Records drawn from a dataset:
┌──

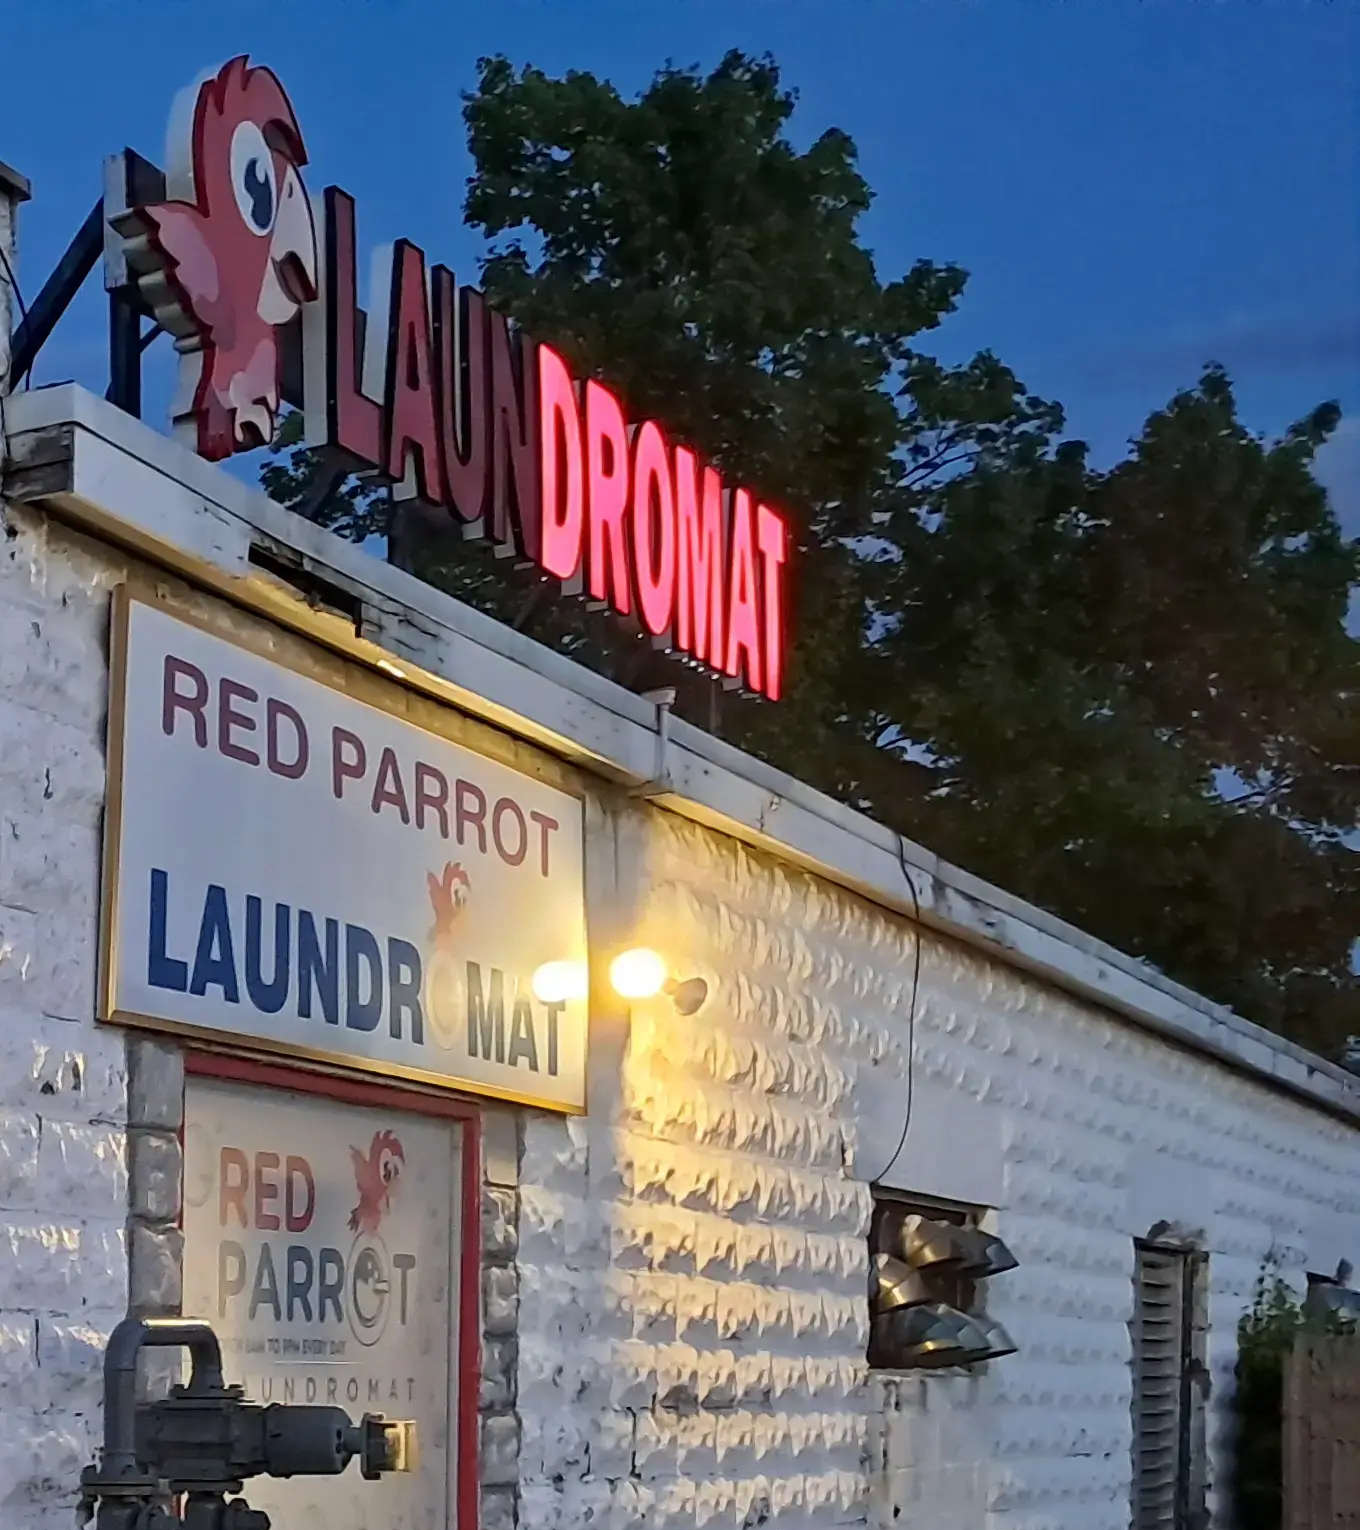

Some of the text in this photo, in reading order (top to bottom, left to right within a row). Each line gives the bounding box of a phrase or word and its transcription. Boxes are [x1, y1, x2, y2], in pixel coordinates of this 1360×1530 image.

[323, 184, 787, 701] LAUNDROMAT
[162, 654, 560, 878] RED PARROT
[219, 1145, 316, 1233] RED
[216, 1236, 417, 1344] PARROT
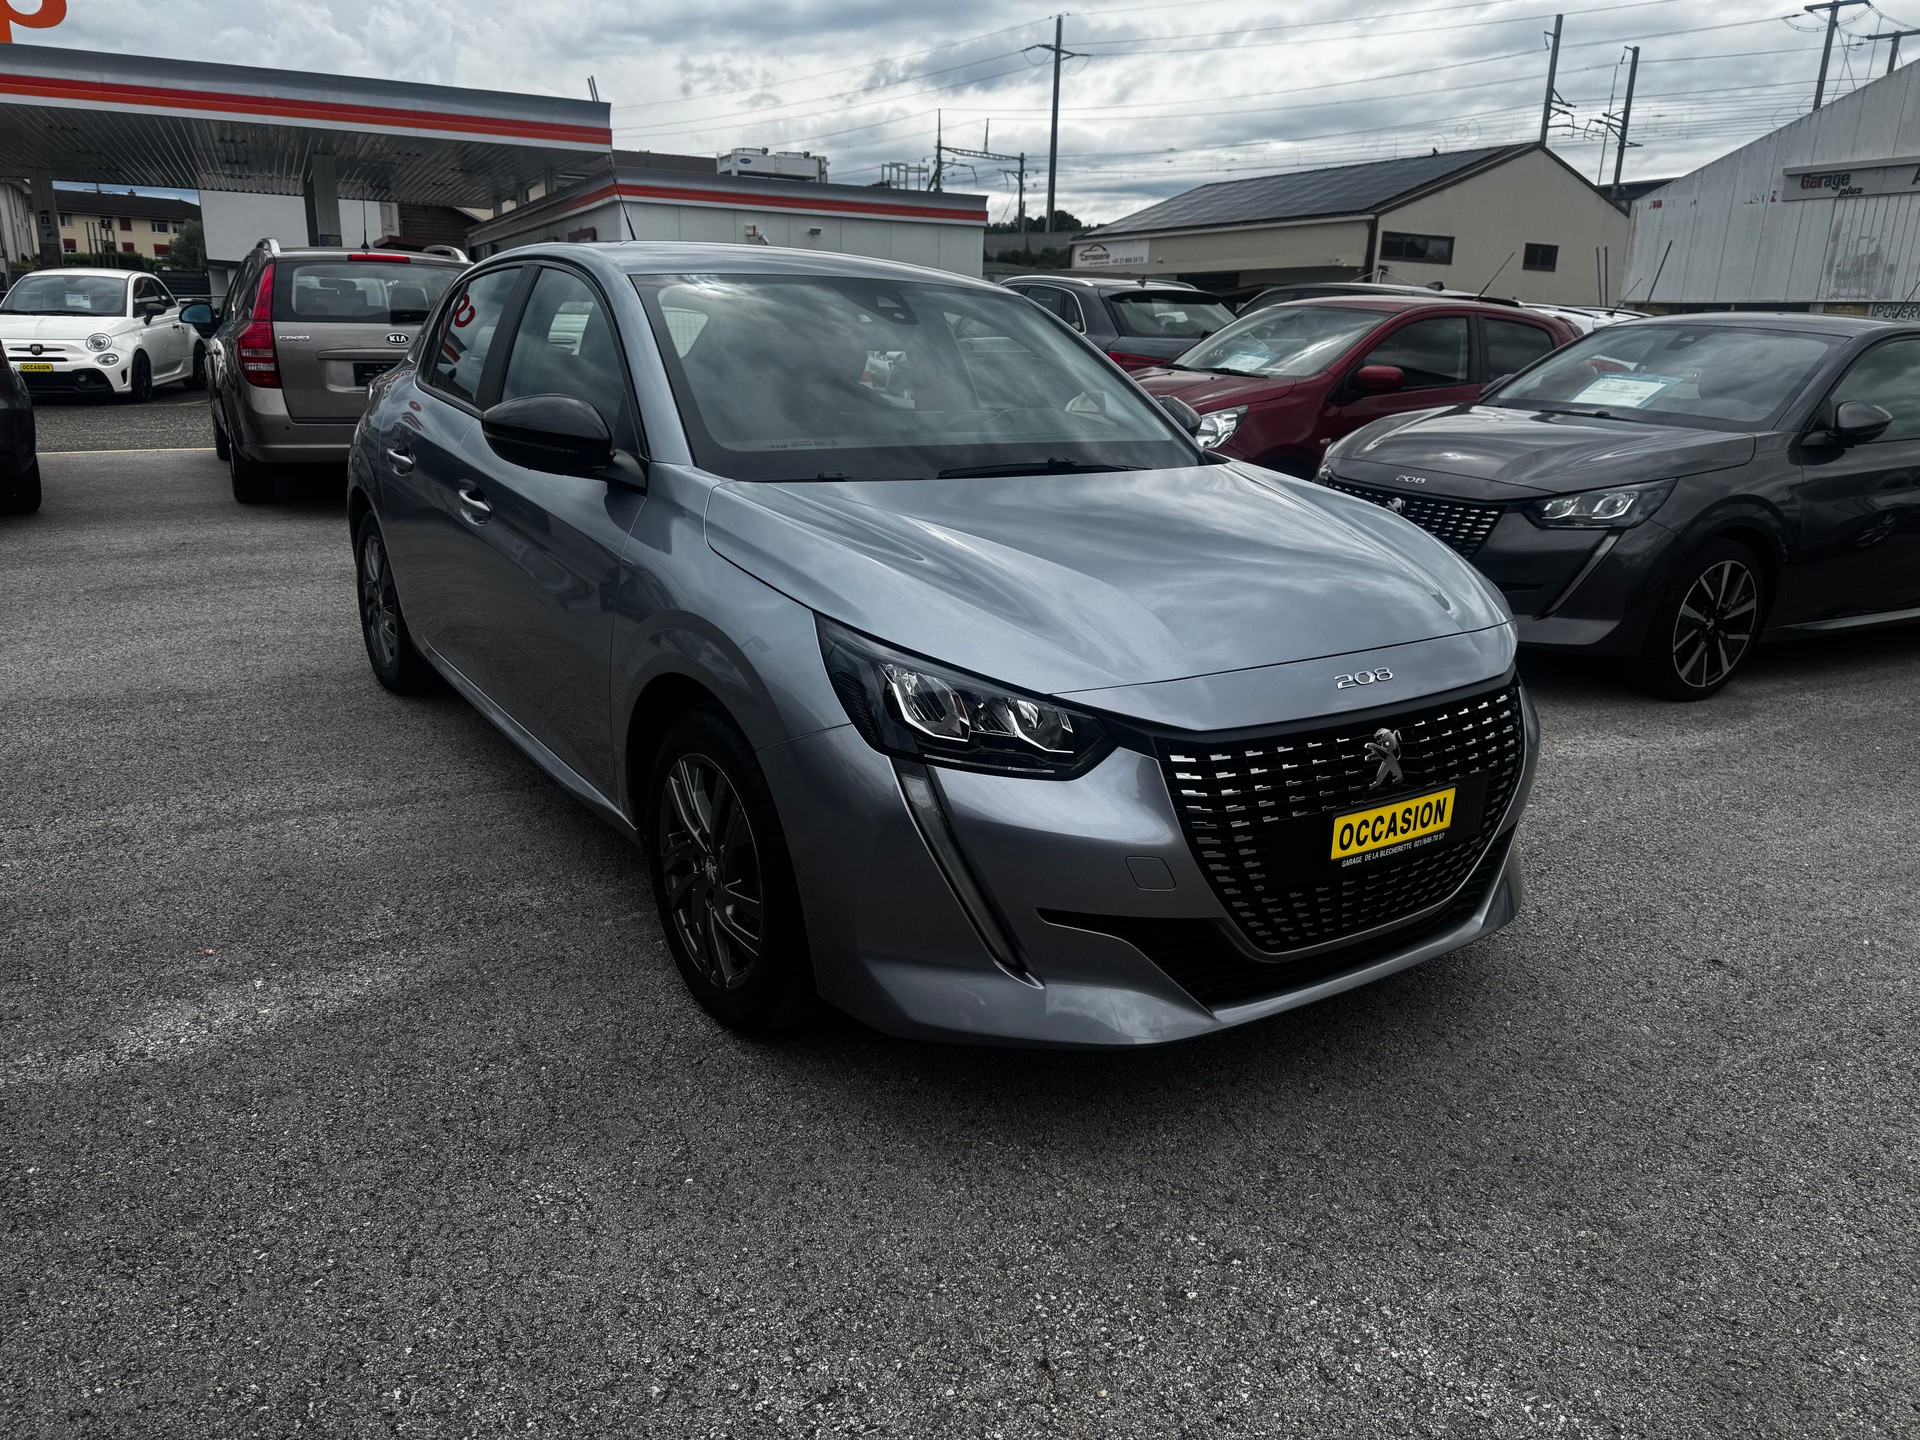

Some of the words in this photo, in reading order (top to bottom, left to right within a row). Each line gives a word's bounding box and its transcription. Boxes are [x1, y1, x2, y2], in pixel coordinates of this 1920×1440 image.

[1801, 173, 1851, 191] Garage
[1838, 186, 1864, 198] plus
[1396, 475, 1426, 484] 208
[1334, 667, 1394, 690] 208
[1339, 797, 1447, 851] OCCASION
[1341, 856, 1363, 868] GARAGE
[1364, 853, 1372, 862] DE
[1372, 851, 1379, 860] LA
[1379, 842, 1413, 858] BLECHERETTE
[1432, 834, 1439, 842] 70

└──

• _TASK GOAL_:
Write every entry out again exactly, dropping the pictures.

• _WRITTEN REPLY_:
Some of the text in this photo, in reading order (top to bottom, left to right within a row). Each line gives the bounding box of a phrase or word and its transcription. Boxes are [x1, y1, x2, y2], in pixel coordinates of this 1360×1530 image.

[323, 184, 787, 701] LAUNDROMAT
[162, 654, 560, 878] RED PARROT
[219, 1145, 316, 1233] RED
[216, 1236, 417, 1344] PARROT

Some of the words in this photo, in reading order (top to bottom, left to right within a row). Each line gives a word's bounding box and its transcription. Boxes are [x1, y1, x2, y2], in pixel coordinates of this 1920×1440 image.

[1801, 173, 1851, 191] Garage
[1838, 186, 1864, 198] plus
[1396, 475, 1426, 484] 208
[1334, 667, 1394, 690] 208
[1339, 797, 1447, 851] OCCASION
[1341, 856, 1363, 868] GARAGE
[1364, 853, 1372, 862] DE
[1372, 851, 1379, 860] LA
[1379, 842, 1413, 858] BLECHERETTE
[1432, 834, 1439, 842] 70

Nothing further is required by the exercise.